Franck Mac court est né en 1930 à Brooklyn, car ses parents avaient déjà émigré une première fois pour fuir la misère de l’Irlande et ses contradictions politiques. Son père était originaire du Nord, rebelle à la tutelle britannique, mais aux yeux des Irlandais de la République indépendante, il a « un drôle de genre, un genre du Nord », dont Franck, son fils aîné, semble avoir hérité. Il commence son récit sans illusions :
« Quand je revois mon enfance, le seul fait d’avoir survécu m’étonne. Ce fut, bien sûr, une enfance misérable (…) Pire que l’enfance misérable ordinaire est l’enfance misérable en Irlande. Et pire encore est l’enfance misérable en Irlande catholique. » Voilà le lecteur prévenu. La vie n’est vraiment pas toute rose cependant pour la famille Mac Court en Amérique, durant les quatre premières années de la vie du petit Franck.

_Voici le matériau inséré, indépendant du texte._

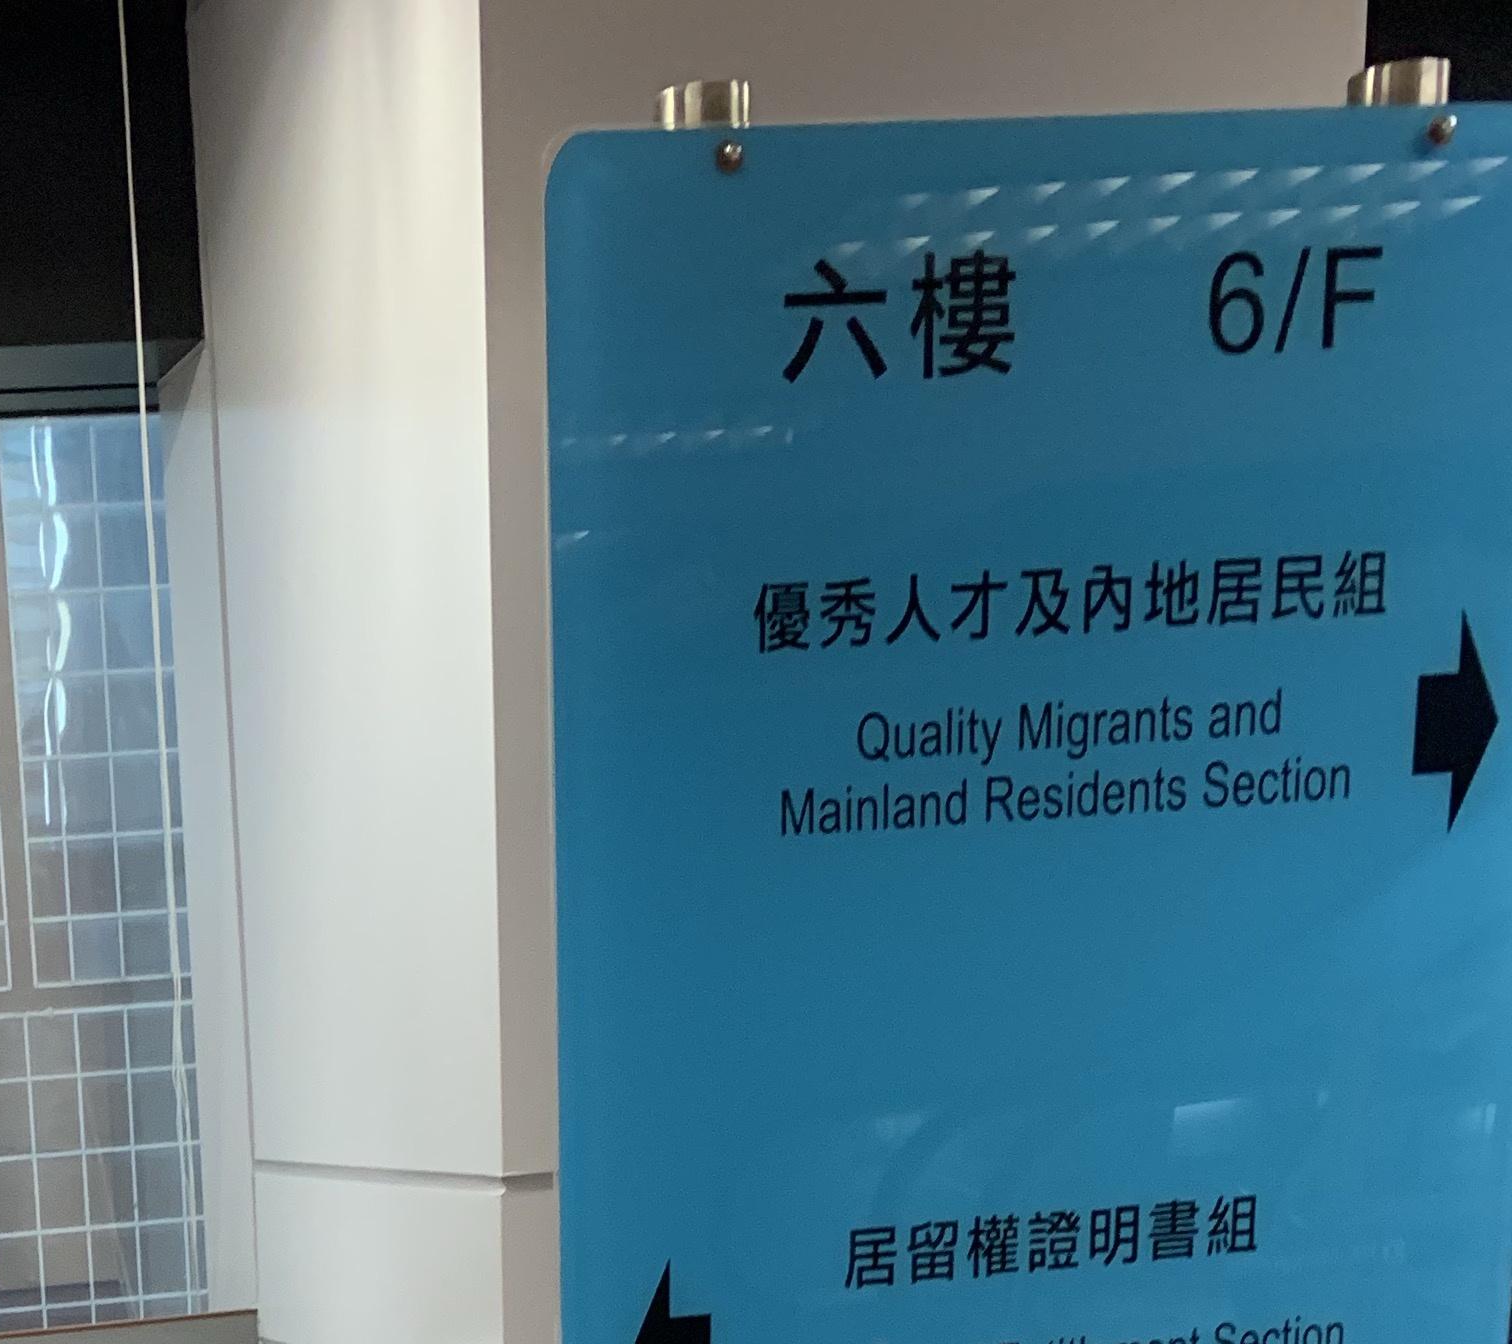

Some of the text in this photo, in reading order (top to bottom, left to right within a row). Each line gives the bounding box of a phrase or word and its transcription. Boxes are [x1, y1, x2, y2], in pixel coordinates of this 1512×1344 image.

[782, 249, 1017, 384] 六樓
[1208, 246, 1383, 355] 6/F
[856, 687, 1284, 766] Quality Migrants and
[779, 756, 1352, 838] Mainland Residents Section
[844, 1194, 1258, 1290] 居留權證明書組

Mais le dénuement y paraît moins dur quand la solidarité du voisinage remplace les devoirs familiaux. Et si Malachy Mac Court a déjà une tendance affirmée à boire sa paie hebdomadaire avant de nourrir sa famille, les voisines ont toujours de la soupe en plus…
Le retour en Irlande après le décès d’une première petite fille s’avère bien plus difficile. La petite famille n’est bienvenue nulle part. La fierté d’Angela est mise à rude épreuve, mais quand son mari rentre en chantant à tue-tête les rengaines nationalistes, elle sait que ses poches sont vides du salaire nécessaire à sa progéniture toujours plus nombreuse. Les grossesses se suivent, et le malheur s’acharne à lui reprendre des nourrissons mal nourris, sans vitalité pour survivre à l’humidité insalubre des logements.

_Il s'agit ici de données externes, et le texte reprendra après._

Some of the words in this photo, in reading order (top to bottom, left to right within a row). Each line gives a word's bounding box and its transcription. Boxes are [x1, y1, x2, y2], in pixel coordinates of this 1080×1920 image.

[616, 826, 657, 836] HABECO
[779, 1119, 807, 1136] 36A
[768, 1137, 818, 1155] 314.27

Pas de misérabilisme pourtant sous les mots de Franck : il raconte avec truculence ses démêlés scolaires, les remontrances de Grand-mère ou la rudesse de tante Aggie qui, faute de pouvoir être mère, supporte mal les enfants de sa sœur… Franck évolue sans illusions mais sans haine dans ce monde aux règles rigides. L’efficacité du procédé vient de ce paradoxe : Franck Mac Court écrit ce livre en 1996, il est sexagénaire, mais il utilise la voix de son enfance pour décrire situations, personnes et système social. Il en ressort une fausse candeur qui rafraîchit le propos, dédramatise le constat social de l’Irlande dans la première moitié du XXème siècle, permet la mise en lumière de la plus extrême misère sans pathos.
Morceaux choisis pour ceux qui apprécient les mises en bouche dominicales avant de courir chercher l’édition Pocket qui vaut son pesant d’or, et rendez-vous pour la suite …
« Grand-mère ne veut plus parler à Maman vu ce que j’ai fait avec Dieu dans son arrière-cour. Maman ne parle pas à sa sœur, tante Aggie, ni à son frère Oncle Tom. Papa ne parle à personne de la famille de Maman et ils ne lui parlent pas, car il est du nord et il a un drôle de genre. Personne ne parle à Jane, l’épouse d’Oncle Tom, car elle est de Galway et ressemble à une Espagnole. Tout le monde parle au frère de Maman, Oncle Pat, car il est tombé sur la tête, il est simplet et il vend des journaux. Tout le monde l’appelle l’Abbé ou Ab Sheehan et personne ne sait pourquoi. Tout le monde parle à Oncle Pa Keating car il a été gazé pendant la guerre, il a épousé Tante Aggie, et puis, si on ne lui parlait pas, il n’en aurait rien à péter de toute façon et c’est pour ça que les habitués de chez South l’appellent l’homme qui gaze. » ( Page 193)
Patricia dit qu’elle a deux livres à son chevet. L’un est un recueil de poésies et c’est celui qu’elle aime. L’autre est une brève histoire de l’Angleterre. Est-ce que je le veux ? Elle donne le livre à Seamus, l’homme qui nettoie les sols, et il me l’apporte. Il dit: « je ne suis pas supposé passer quoi que ce soit d’une chambre de diphtérique à une chambre de typhoïdien avec tous les germes qui volent de-ci de-là et se cachent entre les pages et si jamais tu attrapes la diphtérie en plus de la typhoïde ils le sauront et je perdrai ma bonne place et je serai à la rue à chanter des ballades patriotiques un gobelet de fer blanc à la main, ce que je pourrais facilement faire vu qu’il n’y a jamais eu de chanson écrite sur les malheurs de l’Irlande que je ne sache pas, sans compter deux ou trois autres sur les plaisirs du whisky. » (Page 284-285)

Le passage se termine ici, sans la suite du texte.